Aim of the exercise |
Leave out the pictures and print the records below exactly.

Records |
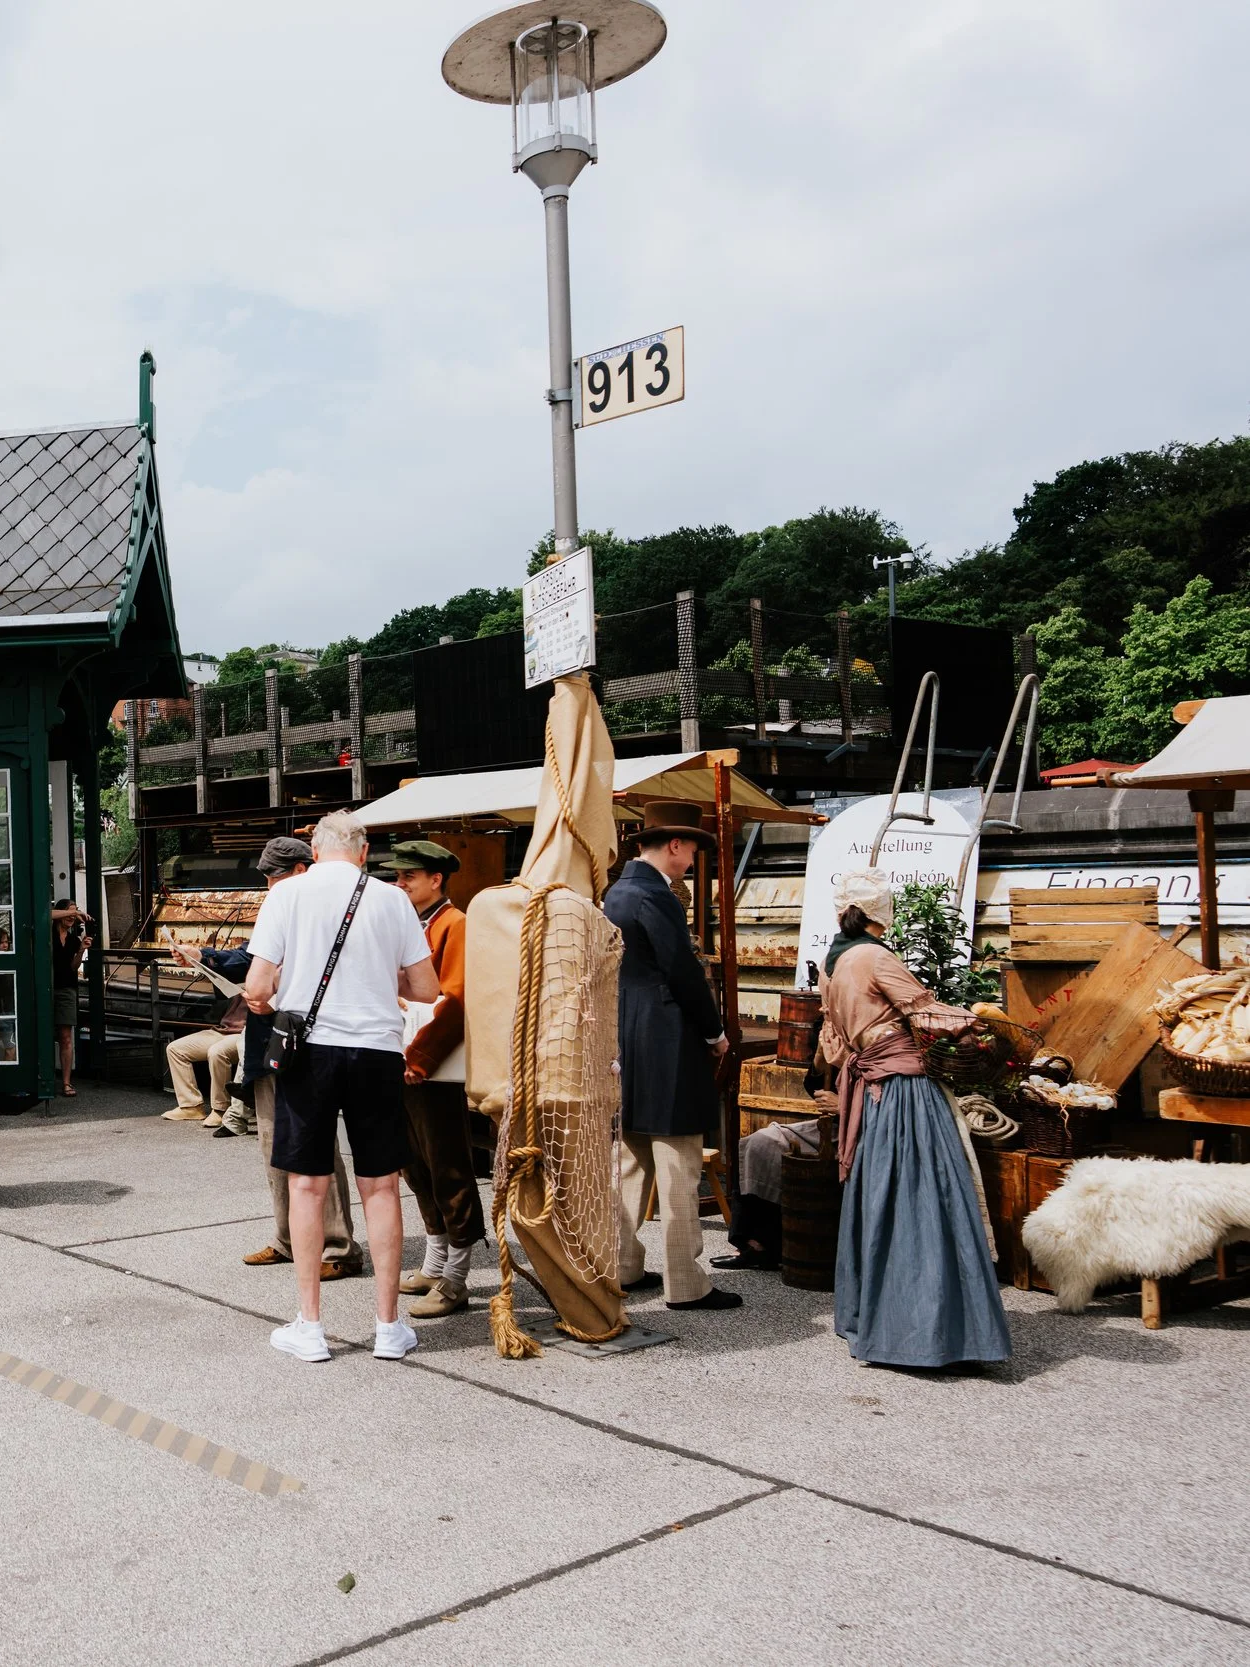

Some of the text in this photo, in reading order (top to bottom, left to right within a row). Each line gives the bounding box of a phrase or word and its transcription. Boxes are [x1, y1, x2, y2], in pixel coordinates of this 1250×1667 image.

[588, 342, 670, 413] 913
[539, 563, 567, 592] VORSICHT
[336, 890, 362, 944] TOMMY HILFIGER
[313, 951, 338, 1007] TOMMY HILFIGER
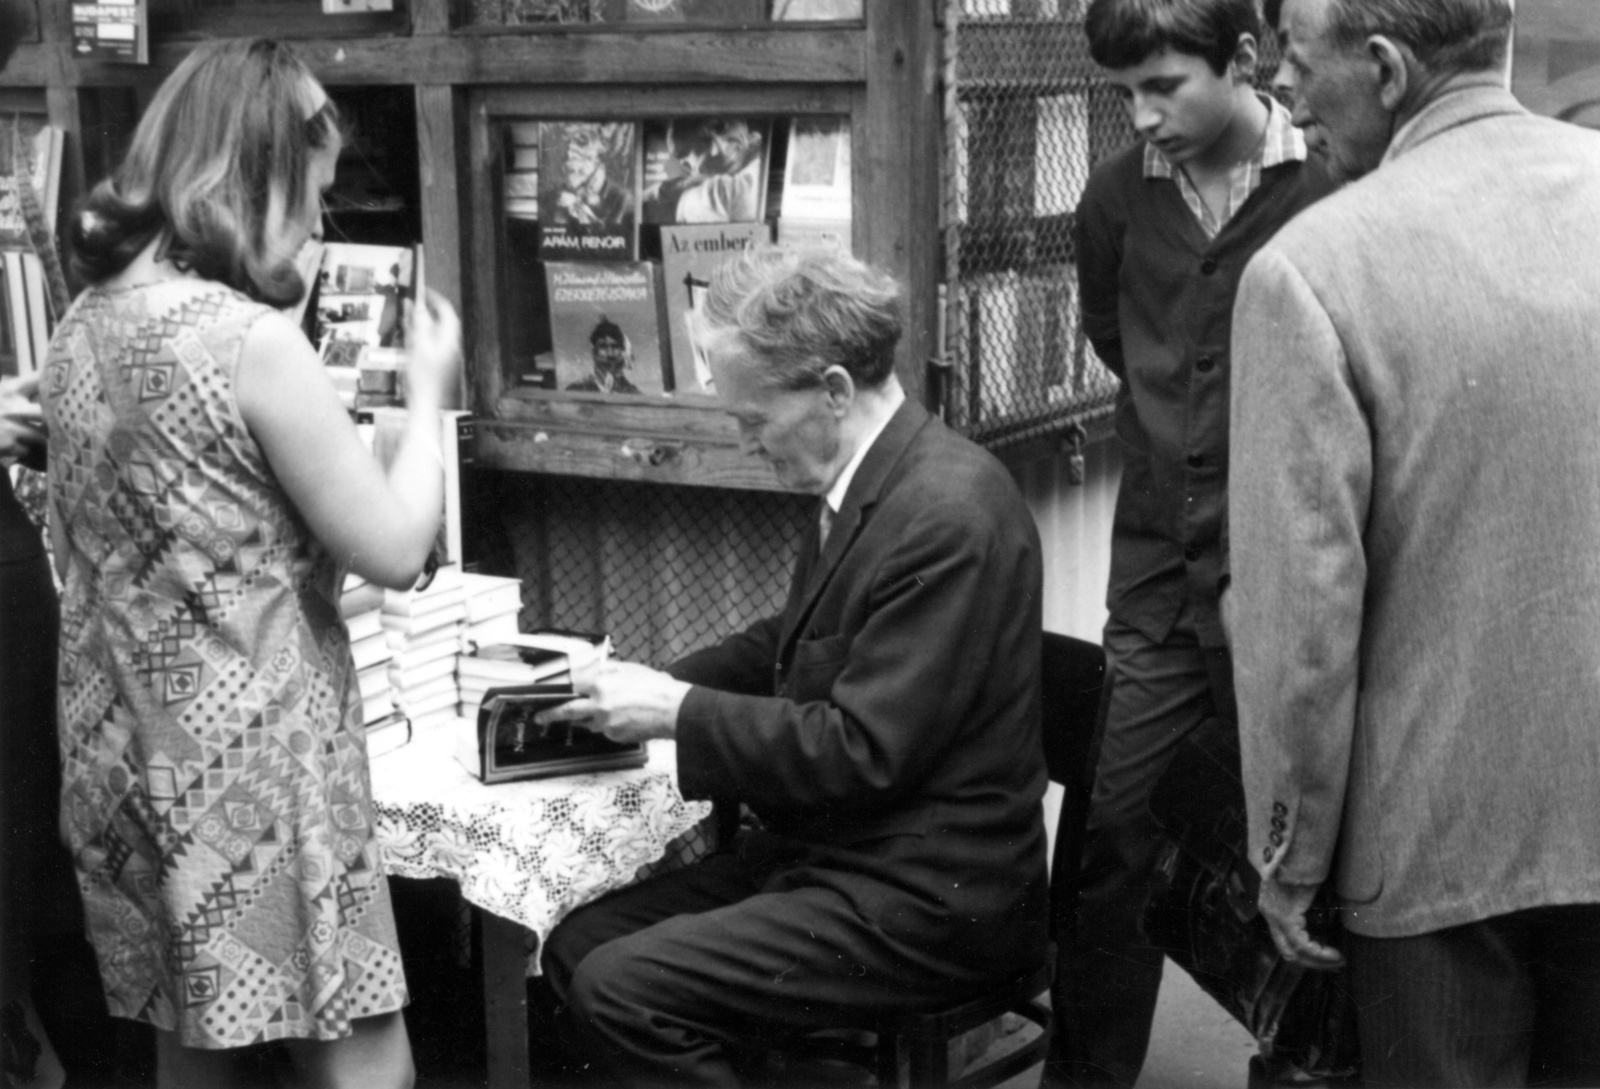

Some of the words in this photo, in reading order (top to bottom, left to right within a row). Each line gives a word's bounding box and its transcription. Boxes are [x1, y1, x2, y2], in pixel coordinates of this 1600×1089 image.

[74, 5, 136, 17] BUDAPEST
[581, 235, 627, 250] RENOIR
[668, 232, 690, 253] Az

Response area |
Some of the text in this photo, in reading order (top to bottom, left to right within a row). Each line gives the bounding box of a phrase or word and its transcription. Boxes are [x1, y1, x2, y2], in pixel coordinates of this 1250×1667 image.

[588, 342, 670, 413] 913
[539, 563, 567, 592] VORSICHT
[336, 890, 362, 944] TOMMY HILFIGER
[313, 951, 338, 1007] TOMMY HILFIGER

Some of the words in this photo, in reading order (top to bottom, left to right within a row). Each line gives a word's bounding box and its transcription. Boxes are [x1, y1, x2, y2], in pixel coordinates of this 1600×1089 image.

[74, 5, 136, 17] BUDAPEST
[581, 235, 627, 250] RENOIR
[668, 232, 690, 253] Az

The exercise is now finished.